Contrary to the views of some, the number of people who have insurance coverage through the Exchanges as of January 1, 2014, matters to everyone. It matters because the pool that exists on that date will determine, at least for a while, whether the premiums charged by insurers in the Exchange are likely to be stable and the extent of the federal government’s multiple obligations to subsidize plans purchased on the various Exchanges. It is not as if insurers get a claims paying holiday simply because more and healthier people may enroll later in the year.
It also matters because a major point of the Affordable Care Act was to increase in an efficient and relatively painless way the net number of people who have insurance or social protection against significant illness. If the numbers in the Exchanges and in the expanded Medicaid program do not way more than offset the number of persons who lose their insurance as a result of the ACA, or if the cost of extending health protection in this fashion proves too high, the ACA will not have accomplished its goals.

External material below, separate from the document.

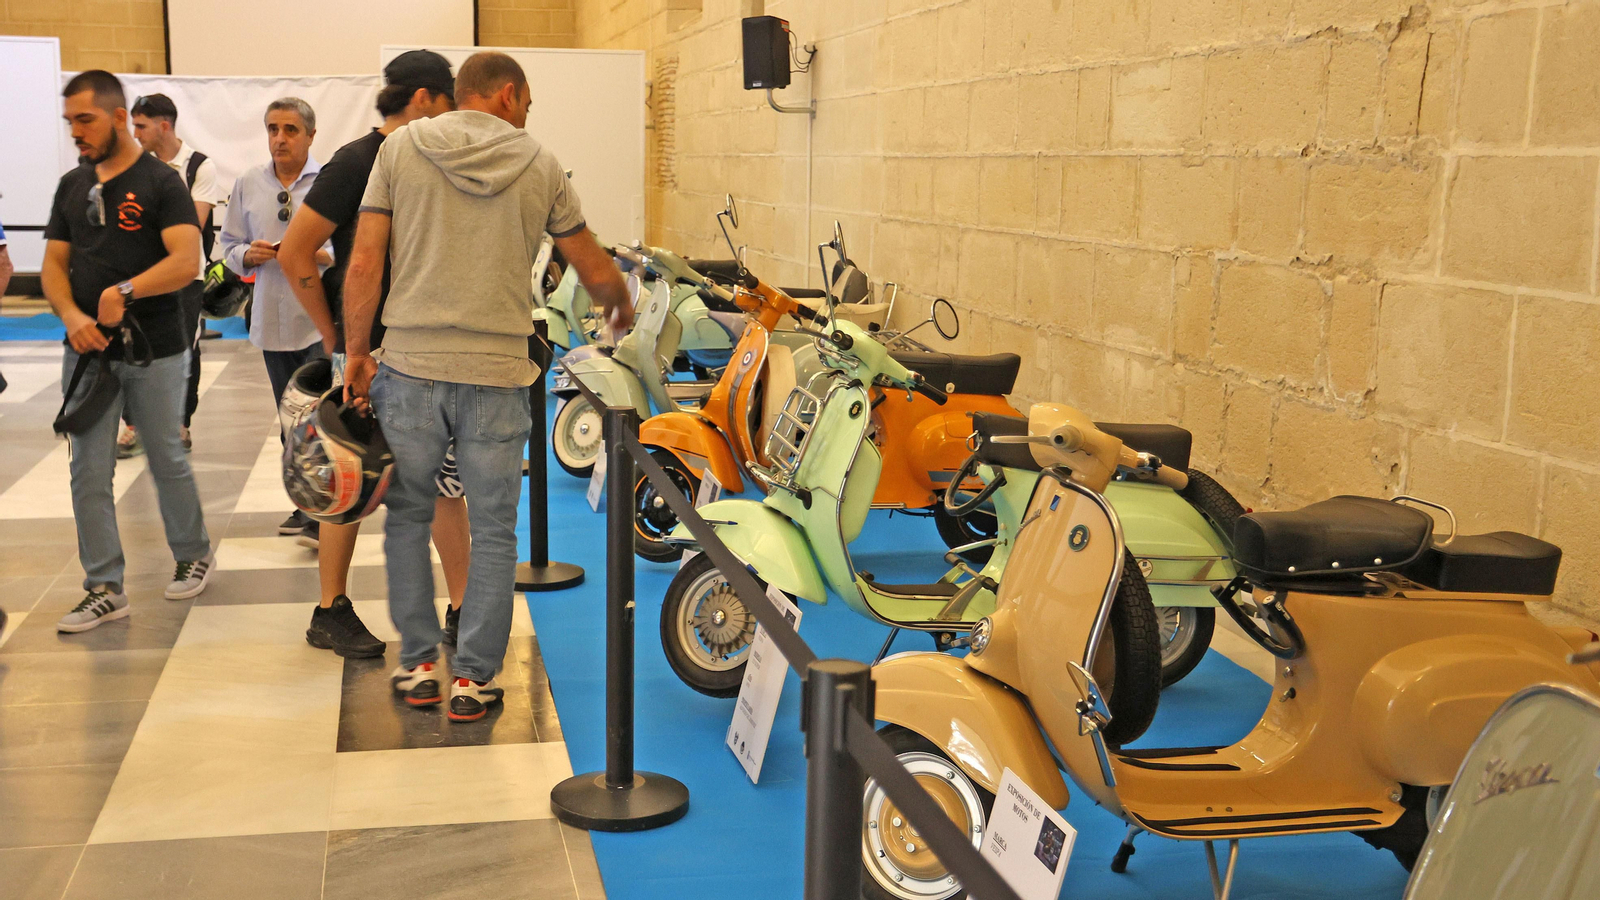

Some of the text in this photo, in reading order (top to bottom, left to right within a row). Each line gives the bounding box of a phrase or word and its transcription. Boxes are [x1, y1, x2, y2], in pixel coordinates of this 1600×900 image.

[1006, 783, 1042, 821] EXPOSICIÓN DE
[1012, 803, 1029, 823] MOTOS
[993, 831, 1008, 851] MARCA

Given the chaos that has erupted as procrastination strains Exchange infrastructure and deadlines are repeatedly extended, it is difficult to tell right now whether the ACA is performing as hoped. A few things are clear, however. The first thing is that the Obama administration is not releasing the sort of information from which an objective assessment could be made.
Platitudes such as “Millions of Americans, despite the problems with the website, are now poised to be covered by quality affordable health insurance come New Year’s Day,” from President Obama at his last press conference are just not a substitute for knowing how many people have enrolled in the plans in the various Exchanges, and more importantly, have paid for coverage. What are their ages? How about some real numbers as a Holiday present?

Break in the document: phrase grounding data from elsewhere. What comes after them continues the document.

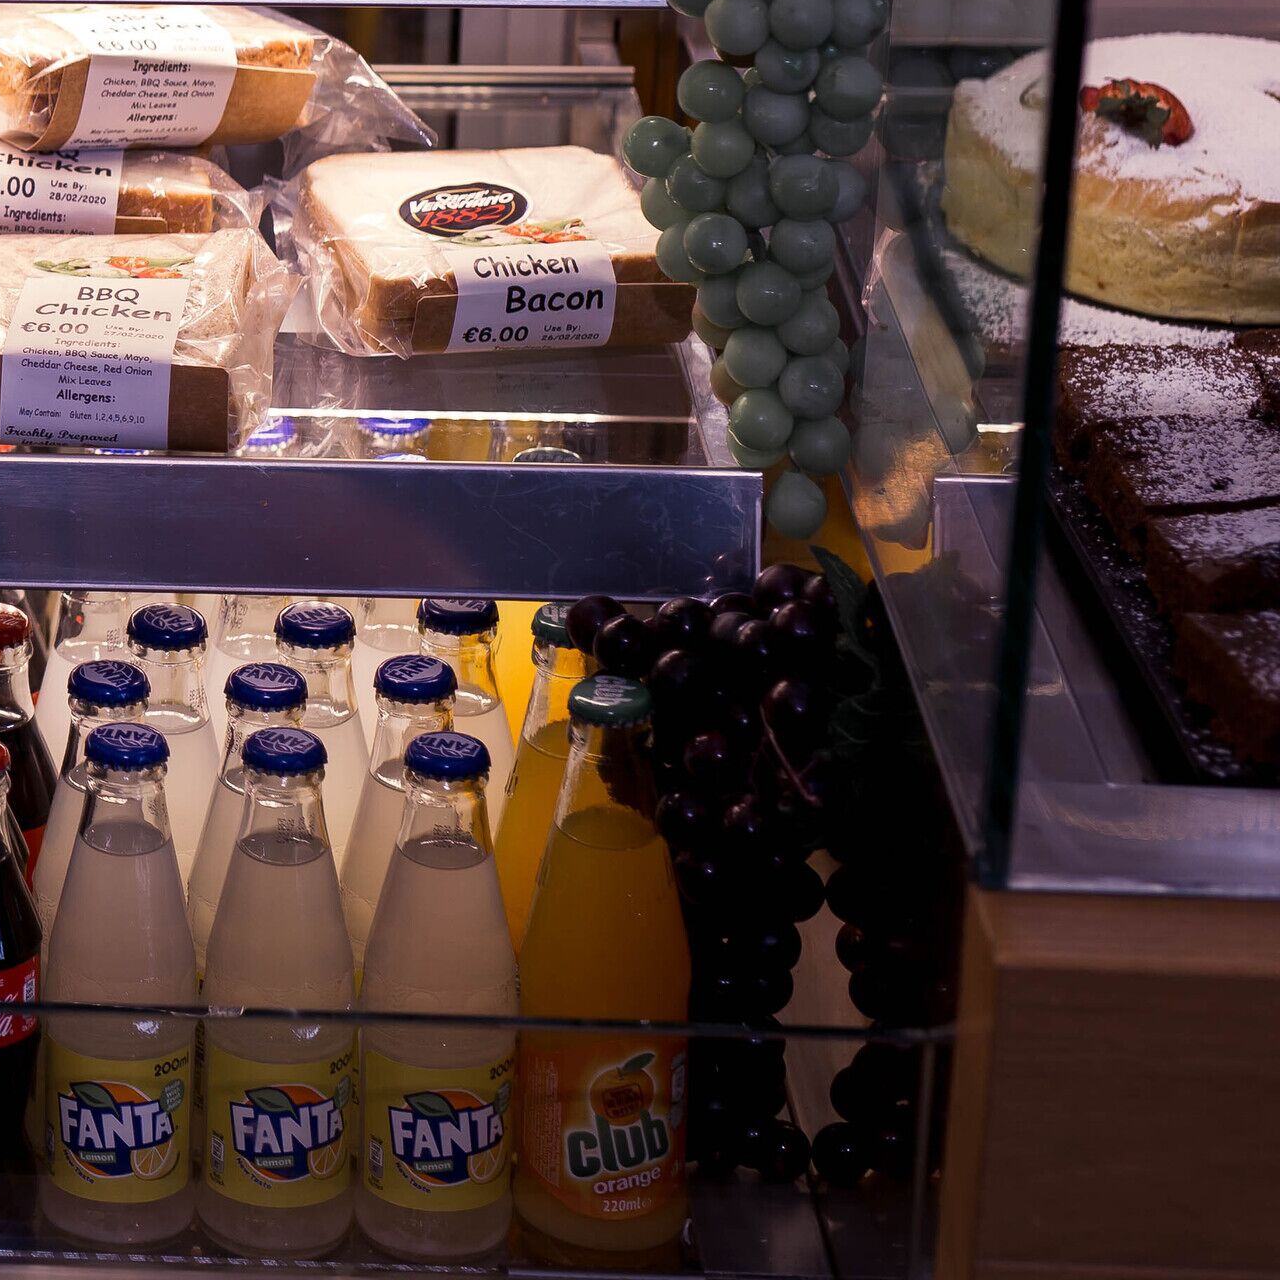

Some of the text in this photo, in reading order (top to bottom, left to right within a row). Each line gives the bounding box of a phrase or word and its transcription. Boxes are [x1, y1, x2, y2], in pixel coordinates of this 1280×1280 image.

[133, 60, 191, 73] Ingredients:
[49, 192, 106, 205] 28/02/2020
[4, 205, 66, 222] Ingredients:
[419, 205, 506, 227] 1882
[473, 254, 579, 278] Chicken
[77, 287, 140, 304] BBQ
[505, 286, 604, 314] Bacon
[35, 303, 172, 321] Chicken
[21, 322, 89, 335] €6.00
[462, 326, 529, 343] €6.00
[55, 337, 121, 348] Ingredients:
[21, 358, 152, 376] Cheddar Cheese, Red Onion
[58, 375, 112, 387] Mix Leaves
[56, 389, 116, 404] Allergens:
[239, 669, 298, 686] FANTA
[96, 724, 158, 746] FANTA
[419, 734, 482, 758] FANTA
[60, 1097, 172, 1149] FANTA
[231, 1105, 344, 1153] FANTA
[391, 1106, 504, 1158] FANTA
[593, 1167, 661, 1194] orange
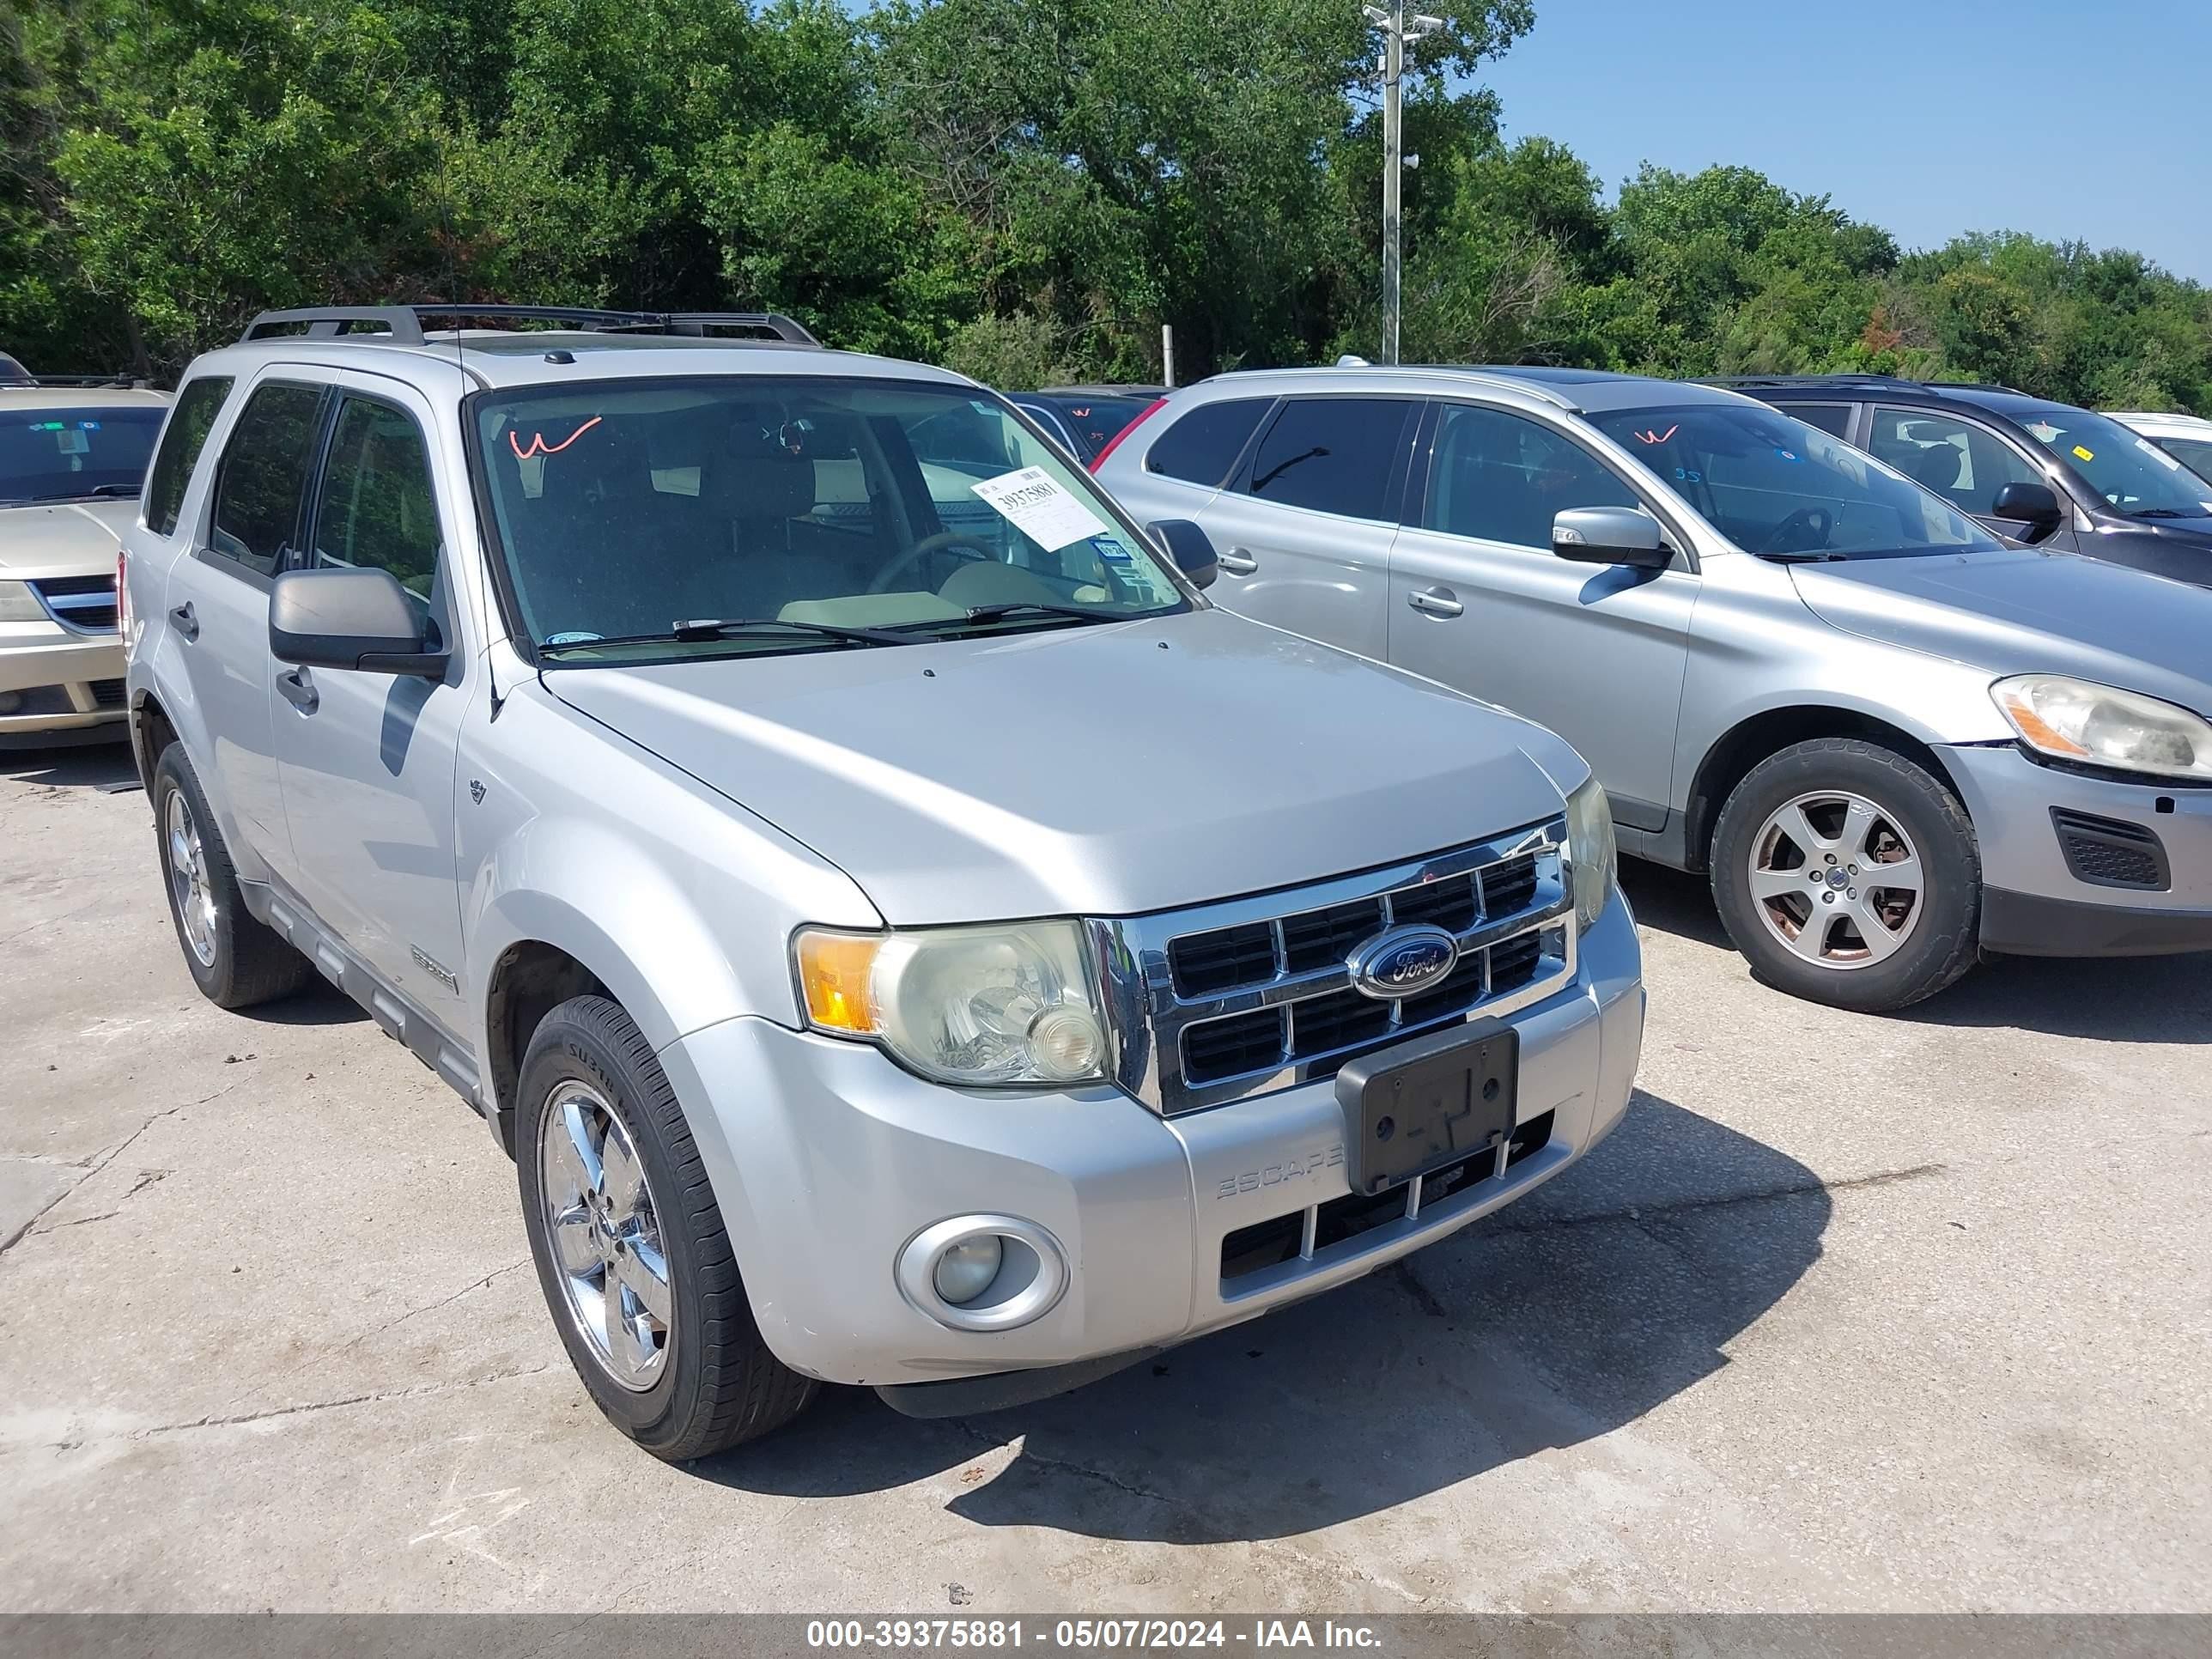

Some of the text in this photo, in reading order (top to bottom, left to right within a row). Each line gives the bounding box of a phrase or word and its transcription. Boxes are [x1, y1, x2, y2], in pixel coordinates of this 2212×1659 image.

[998, 483, 1058, 510] 39375881
[1393, 947, 1437, 981] Ford
[1217, 1143, 1346, 1200] ESCAPE

Second, the Obama administration is acting as if a large number of enrollees in the aggregate is the measure of success. This is simply not true. Putting aside the problem of it being paying customers rather than mere enrollment that ultimately matters, meeting or exceeding projections in some states does not compensate for deficiencies in many other states.
Because the pools are state-based, Texas insurers and insureds are not helped if enrollment in New York or Connecticut exchanges ultimately equals or exceeds targets. The insurance market in Texas and many other states will still be unstable with some insurers likely pressing for significant premium increases, contemplating withdrawal from the Exchanges, and demanding larger subsidies from the federal government via Risk Corridors and other programs.